After John Christopher, a Black man living with intellectual disabilities was enslaved, beaten and forced to work more than 100 hours a week without pay in a South Carolina restaurant; his manager was sentenced to prison and ordered to pay $273,000 in restitution. However, a federal appeals court recently ruled the man is entitled to double that amount under federal labor laws.
A three-judge panel of the Richmond-based 4th U.S. Circuit Court of Appeals found that a U.S. District Court judge erred; when he failed to include an additional $273,000 as “liquidated damages” in his order of restitution. Under the April 21 ruling, the court said John Christopher Smith is entitled to total restitution of $546,000. The appeals court sent the case back to the lower court to recalculate the restitution award.
Yahoo.com reports that; The ruling came in a case that alleged that Bobby Edwards, Smith’s manager at J&J Cafeteria in Conway, South Carolina; had physically and mentally abused him, and forced him to work more than 100 hours of week with no pay for more than five years, from 2009 to 2014.

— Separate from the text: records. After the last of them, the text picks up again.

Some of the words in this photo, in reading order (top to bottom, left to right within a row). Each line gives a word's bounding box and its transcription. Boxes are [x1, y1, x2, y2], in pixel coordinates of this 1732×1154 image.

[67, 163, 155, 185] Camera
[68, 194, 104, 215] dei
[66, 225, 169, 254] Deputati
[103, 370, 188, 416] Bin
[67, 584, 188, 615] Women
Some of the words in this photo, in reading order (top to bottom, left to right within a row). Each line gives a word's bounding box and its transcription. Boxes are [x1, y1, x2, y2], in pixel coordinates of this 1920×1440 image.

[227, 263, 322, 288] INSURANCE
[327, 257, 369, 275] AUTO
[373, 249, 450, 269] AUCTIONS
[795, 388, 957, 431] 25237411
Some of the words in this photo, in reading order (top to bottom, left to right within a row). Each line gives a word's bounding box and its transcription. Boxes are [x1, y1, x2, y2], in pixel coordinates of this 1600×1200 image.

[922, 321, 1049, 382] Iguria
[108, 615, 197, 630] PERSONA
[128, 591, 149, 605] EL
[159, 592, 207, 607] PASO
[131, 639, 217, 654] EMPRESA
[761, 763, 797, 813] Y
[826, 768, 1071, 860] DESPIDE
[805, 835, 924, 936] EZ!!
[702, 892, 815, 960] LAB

John Christopher Smith, who has a learning disability, forced to work as a cook for 100 hours a week without pay https://t.co/cVI7m8U9hT pic.twitter.com/c56yaz2QCh
— Independent US (@IndyUSA) May 4, 2021
Smith, who had an intellectual disability and an IQ of about 70, had worked at the restaurant since he was about 12 years old. For the first 19 years of his employment, when the restaurant was owned and managed by different members; of the Edwards family, Smith was always paid for his work.
John Christopher Smith’s Ordeals
That changed in 2009 after Bobby Edwards took over management of the restaurant. According to the narrative included in the 4th Circuit’s ruling, Edwards, who is white; “effectively enslaved” Smith; moving him to a roach and Vermin infested apartment; attached to the restaurant and forcing him to work up to 18 hours a day without pay.
“Most of the time I felt unsafe, like Bobby could kill me if he wanted,” Smith said, according to court records. “I wanted to get out of that place so bad but couldn’t think about how I could without being hurt.”
“Edwards effected this forced labor by taking advantage of Jack’s intellectual disability and keeping Jack isolated from his family; threatening to have him arrested, and verbally abusing him,” the court said in its ruling.
The court said Edwards also physically abused John Christopher Smith by whipping him with his belt, beating him with kitchen pans, punching him; and once, by dipping metal tongs into hot grease and burning Smith’s neck.
After a relative of a restaurant employee told authorities about the abuse in 2014, the South Carolina Department of Social Services removed Smith from the restaurant.
Edwards pleaded guilty to one count of forced labor and was sentenced to 10 years in federal prison.
John Christoper Smith was taken into adult protective services.